Nucleinsäurekonstrukt nach Anspruch 34, bei dem es sich um eine DNA handelt.
Nucleinsäurekonstrukt nach Anspruch 34, bei dem es sich um eine RNA handelt.
Nucleinsäurekonstrukt nach Anspruch 34, wobei das Nucleinsäurekonstrukt für die Expression in Tierzellen, Bakterienzellen, Hefezellen, Pilzzellen, Pflanzenzellen und/oder Insektenzellen optimiert ist.
Nucleinsäurekonstrukt nach Anspruch 34, wobei das Nucleinsäurekonstrukt für die Expression in Humanzellen optimiert ist.
Nucleinsäurekonstrukt nach Anspruch 34, wobei die Nucleotidsequenzen, die die Luciferase und das GFP codieren, nicht unmittelbar aneinander grenzen.
Nucleinsäurekonstrukt nach Anspruch 43, das eine Nucleotidsequenz umfasst, die eine Liganden-bindende Domäne eines Zielproteins codiert.
Plasmid, das das Nucleinsäurekonstrukt nach Anspruch 34 umfasst.
Plasmid nach Anspruch 45, das weiterhin eine Nucleotidsequenz umfasst, die – ein Promotorelement; – einen selektierbaren Marker; codiert, wobei die Nucleotidsequenz, die die Luciferase und das GFP codiert, funktionsfähig mit dem Promotorelement verknüpft ist, so dass ein Fusionsprotein der Luciferase und des GFPs exprimiert wird.

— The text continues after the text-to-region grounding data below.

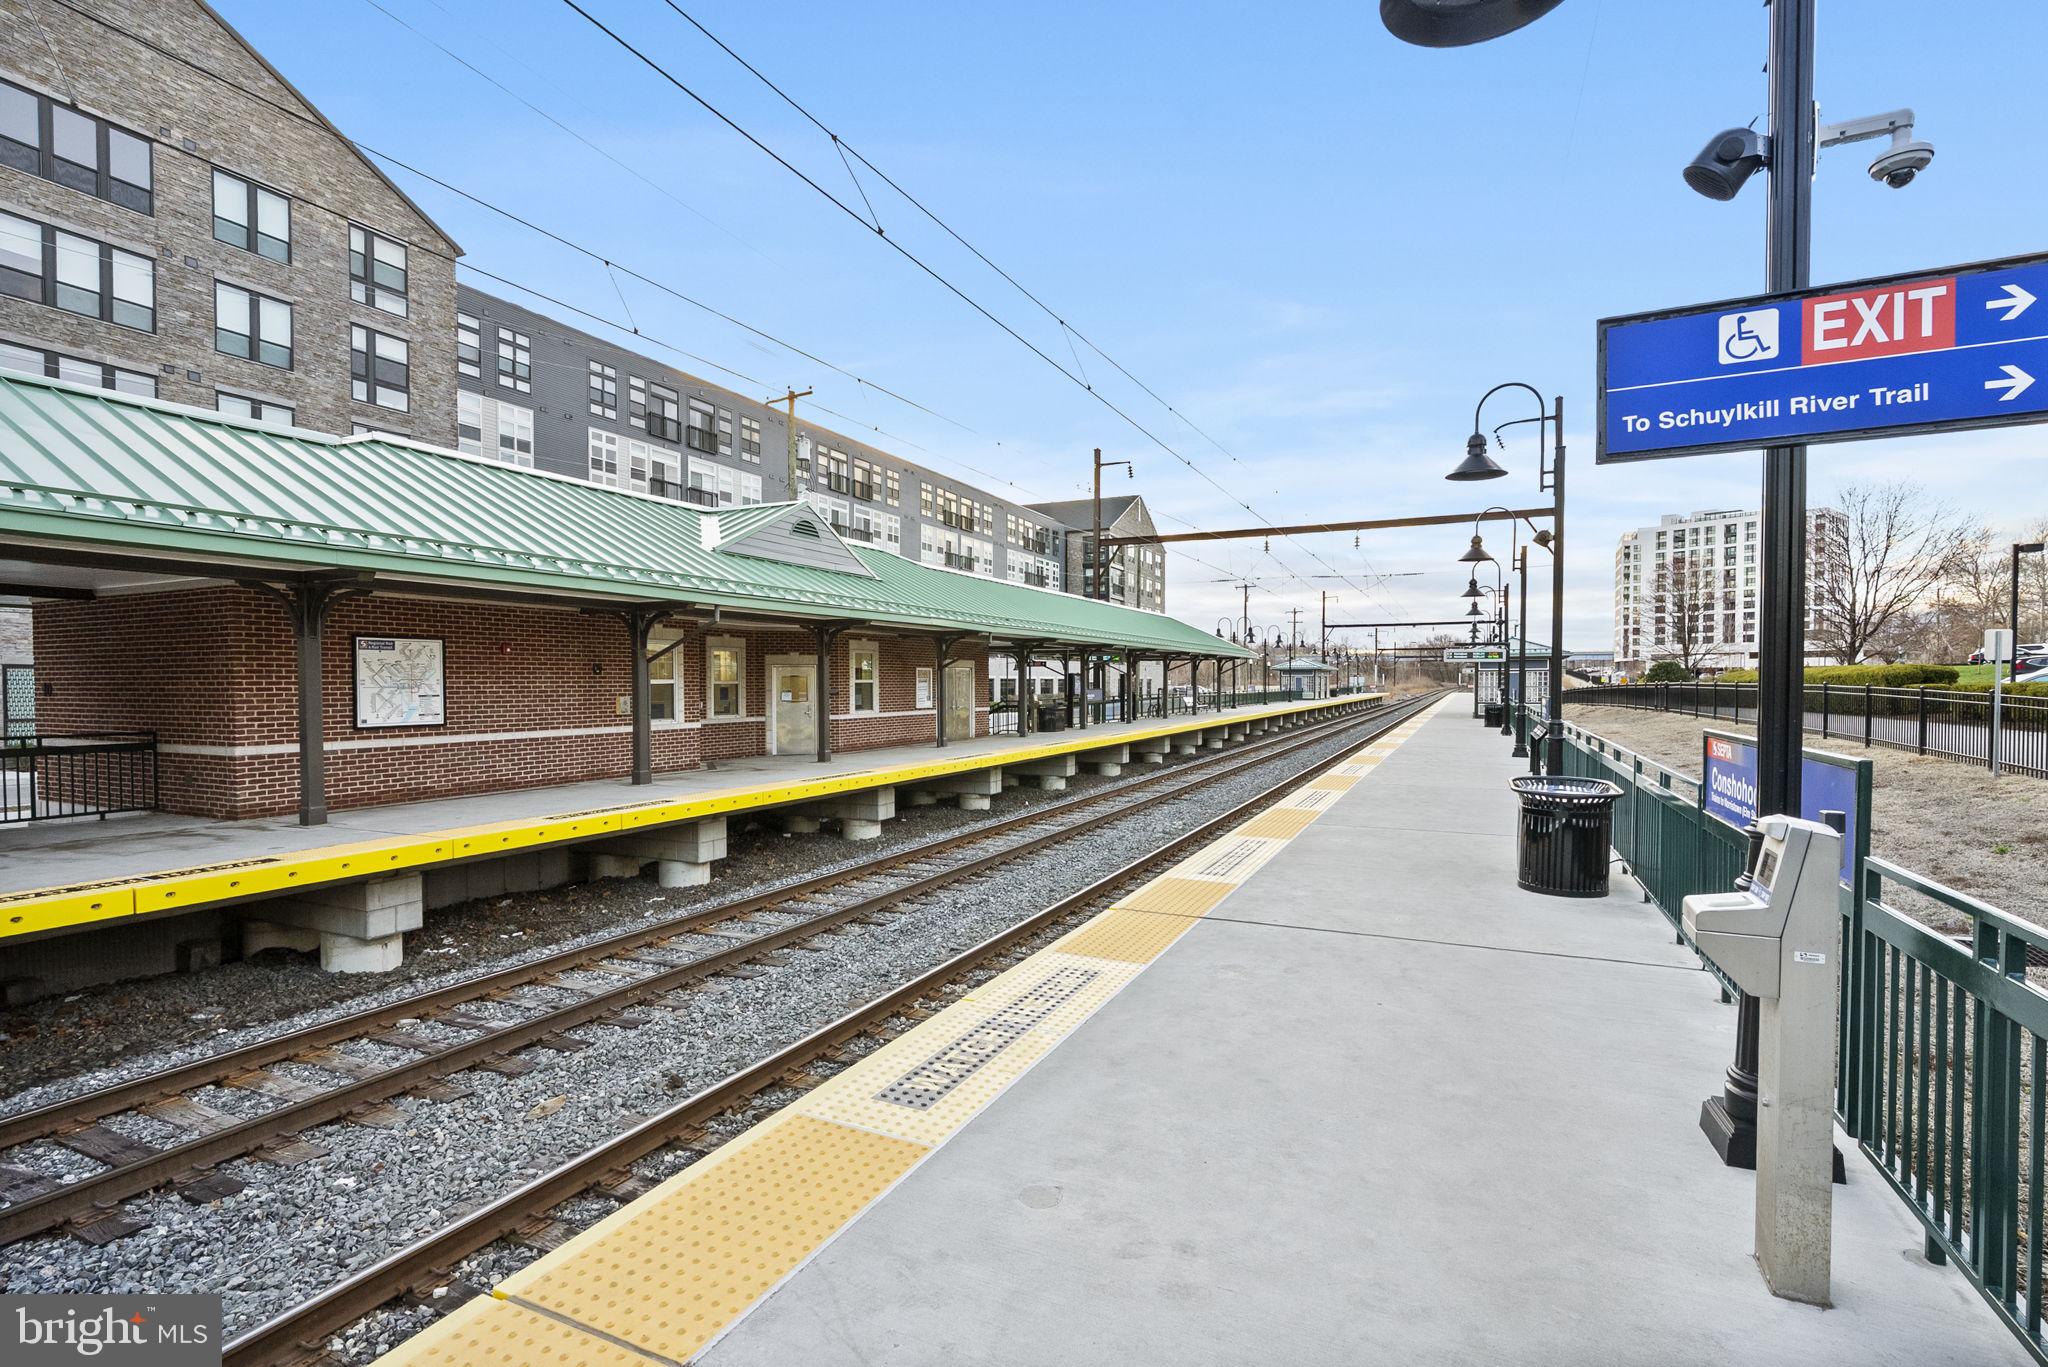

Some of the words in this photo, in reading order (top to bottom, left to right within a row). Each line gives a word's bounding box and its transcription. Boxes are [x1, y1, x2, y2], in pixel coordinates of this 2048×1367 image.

[1813, 285, 1948, 351] EXIT
[1622, 414, 1650, 433] To
[1659, 399, 1780, 430] Schuylkill
[1790, 391, 1860, 415] River
[1869, 383, 1929, 407] Trail
[1717, 743, 1732, 759] SEPTA
[900, 1028, 1016, 1091] WATCH
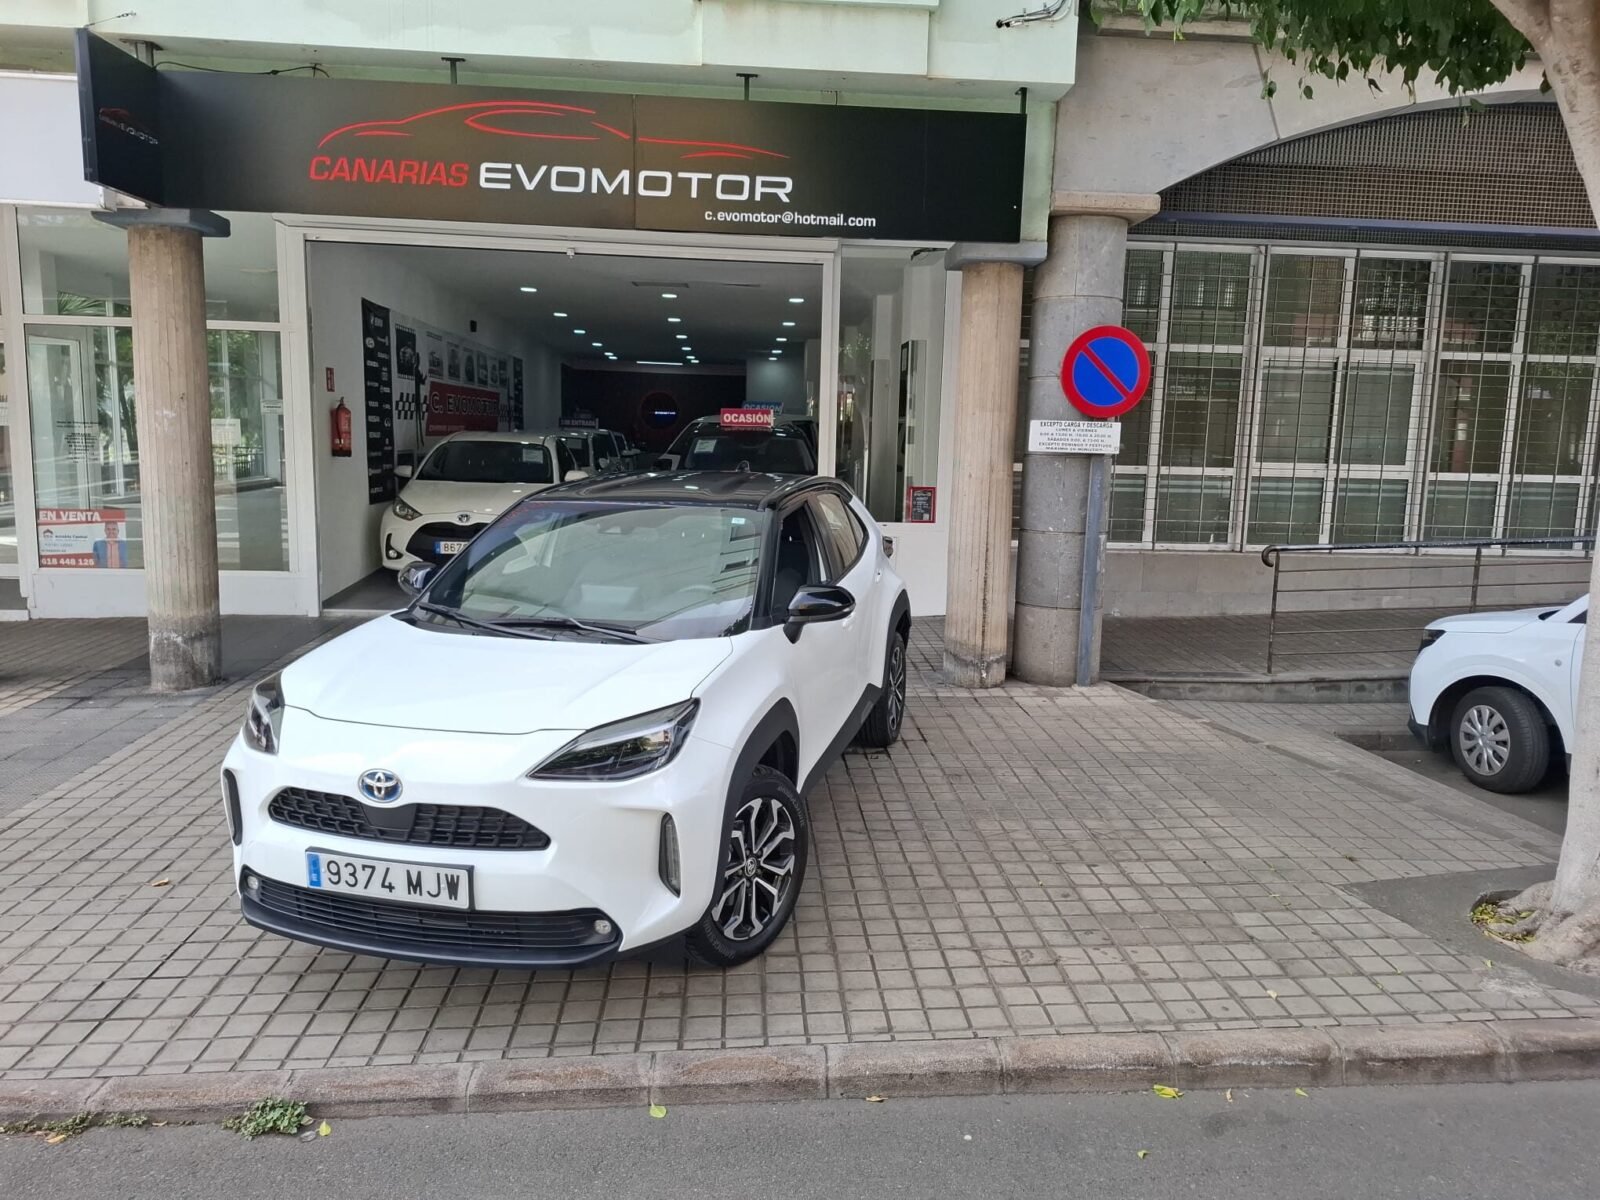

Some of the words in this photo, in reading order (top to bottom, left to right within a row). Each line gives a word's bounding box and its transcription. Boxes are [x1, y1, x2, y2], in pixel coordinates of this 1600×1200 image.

Plasmid nach einem der Ansprüche 9 bis 12, 45 oder 46, wobei das Plasmid für die Expression in Tierzellen, Bakterienzellen, Hefezellen, Pilzzellen, Pflanzenzellen und/oder Insektenzellen optimiert ist.
Plasmid nach einem der Ansprüche 9 bis 12, 45 oder 46, wobei das Plasmid für die Expression in Humanzellen optimiert ist.
Rekombinante Wirtszelle, die das Plasmid nach Anspruch 45 umfasst.
Zelle nach Anspruch 49, wobei die Zelle unter einer Bakterienzelle, einer Hefezelle, einer Pilzzelle, einer Pflanzenzelle, einer Insektenzelle und einer Tierzelle ausgewählt wird.
Isoliertes, im Wesentlichen gereinigtes Fusionsprotein von Gaussia-Luciferase und GFP, wobei die Luciferase die Aminosäuresequenz hat, die in SEQ ID NO: 20 offenbart wird.
Zusammensetzung, die das Fusionsprotein nach Anspruch 51 umfasst.
Zusammensetzung nach Anspruch 52, die weiterhin mindestens eine Komponente eines Biolumineszenz-erzeugenden Systems umfasst.
Zusammensetzung nach Anspruch 53, wobei es sich bei der Komponente des Biolumineszenz-erzeugenden Systems um Luciferin handelt.